Children: Head & Neck Rates Up

Head And Neck Cancer Rates Increasing Among US Children

NEW YORK (Reuters Health) Jun 19

Childhood cancer has been on the rise over the past couple of decades in the US and elsewhere, but cancers of the head and neck appear to be outpacing other cancers among American children, according to a new report.

The reasons are unclear and may include factors ranging from better reporting of cases to environmental and prenatal causes, researchers say.

In the current study, researchers analyzed data from the 3050 pediatric head and neck cancers that were reported to the US national cancer registry between 1973 and 1996.

They found that the incidence of these cancers among children younger than 15 years old rose 35% from 1973 to 1975 and from 1994 to 1996, an annual increase from 1.1 cases per 100,000 children to 1.49 cases per 100,000.

This increase compares with a 25% rise in cancer overall for this age group, according to findings published the June issue of the Archives of Otolaryngology Head & Neck Surgery. Dr. James T. Albright, from the Children's Hospital and Health Center in San Diego, California, led the study.

Lymphoma was the most common type of head and neck cancer, affecting 27% of the children in the national database. The next most common cancers included neural tumors, thyroid malignancies and soft tissue sarcomas.
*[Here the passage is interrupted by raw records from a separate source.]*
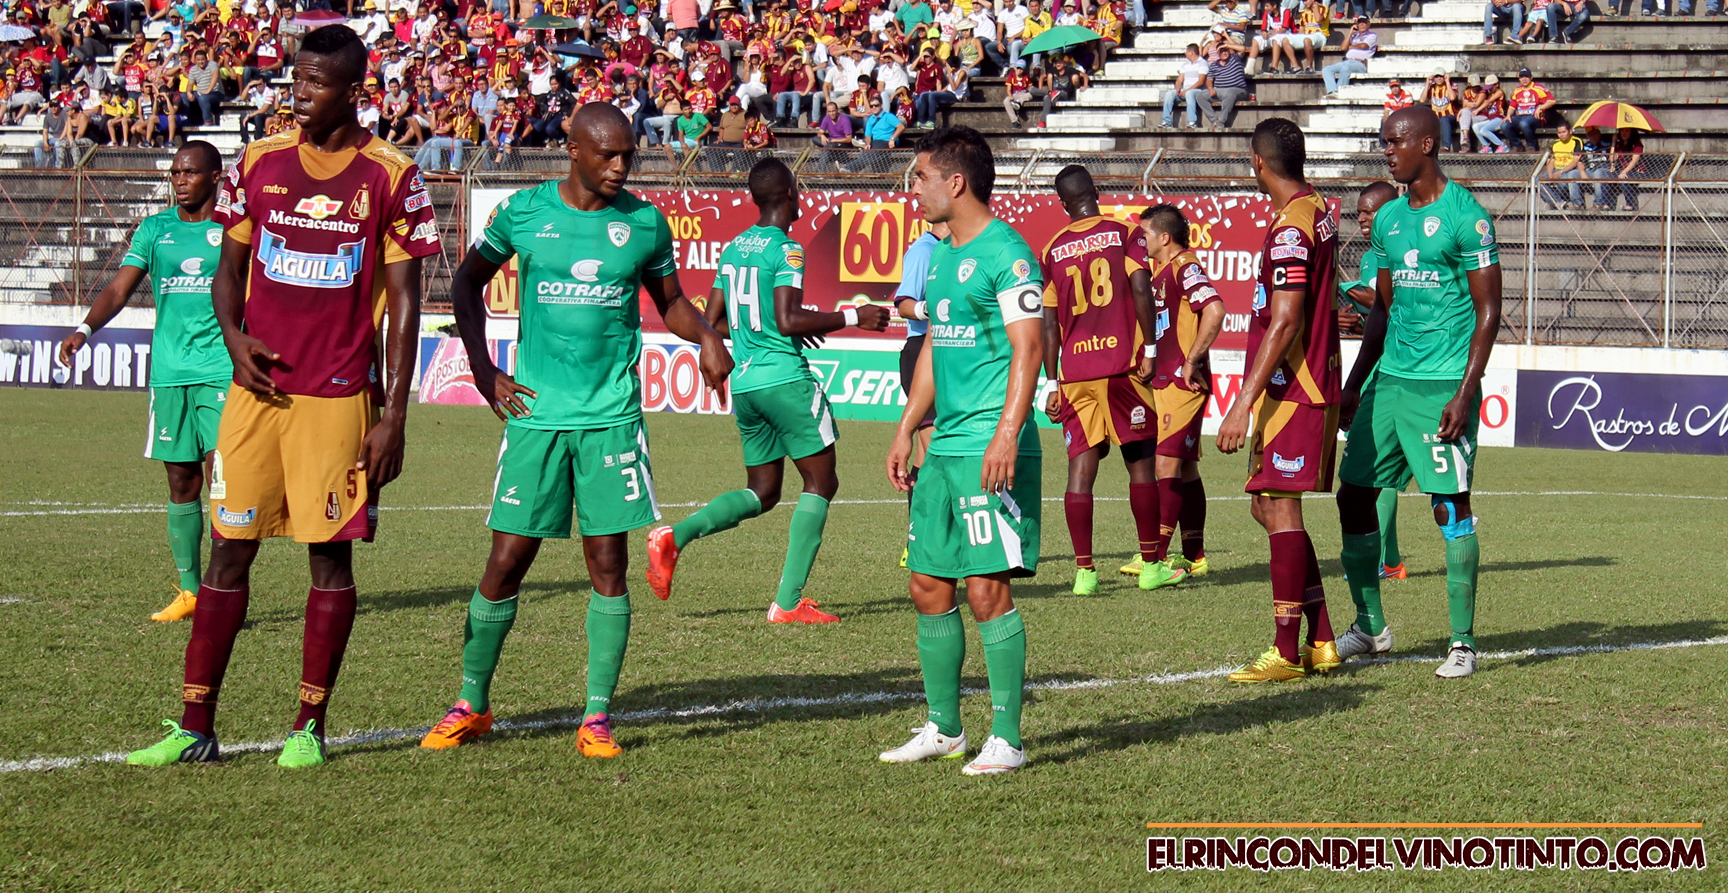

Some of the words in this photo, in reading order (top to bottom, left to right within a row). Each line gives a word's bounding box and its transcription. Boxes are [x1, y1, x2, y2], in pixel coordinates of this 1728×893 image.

[262, 184, 288, 194] mitre
[408, 193, 431, 209] BOY
[268, 209, 360, 234] Mercacentro
[844, 209, 899, 277] 60
[1051, 240, 1085, 261] TAPA
[270, 254, 347, 281] AGUILA
[1274, 266, 1287, 286] C
[537, 281, 624, 299] COTRAFA
[1065, 257, 1114, 316] 18
[1018, 289, 1041, 314] C
[1073, 335, 1118, 354] mitre
[1163, 413, 1172, 431] 9
[1548, 375, 1655, 452] Rastros
[1659, 403, 1681, 436] de
[1276, 461, 1300, 471] AGUILA
[1432, 446, 1448, 474] 5
[346, 469, 357, 499] 5
[620, 466, 640, 502] 3
[221, 514, 250, 524] AGUILA
[962, 509, 993, 547] 10
When Dr. Albright's team looked specifically at retinoblastoma rates, they found no increase in the disease over time. The finding that rates of this cancer have remained stable while other head and neck cancer rates have increased suggests that non-genetic factors may be behind the rise in pediatric head and neck cancers.

Well-established environmental factors implicated in pediatric head and neck cancers include exposure to ionizing radiation, excessive sunlight, and certain chemotherapy drugs, the investigators state.

They note that environmental pollution, infection and parental exposure to toxins are suspected, but unproven, contributors. Premature birth and low birth weight have also been associated with a higher-than-average risk of childhood cancer, the report indicates.

The researchers point out, though, that better reporting of childhood head and neck cancers over time might also have contributed to the increase observed.

"Research on a variety of potential carcinogens is ongoing," Dr. Albright's team writes. "Continued surveillance is necessary."

Arch Otolaryngol Head Neck Surg 2002;128:655-659.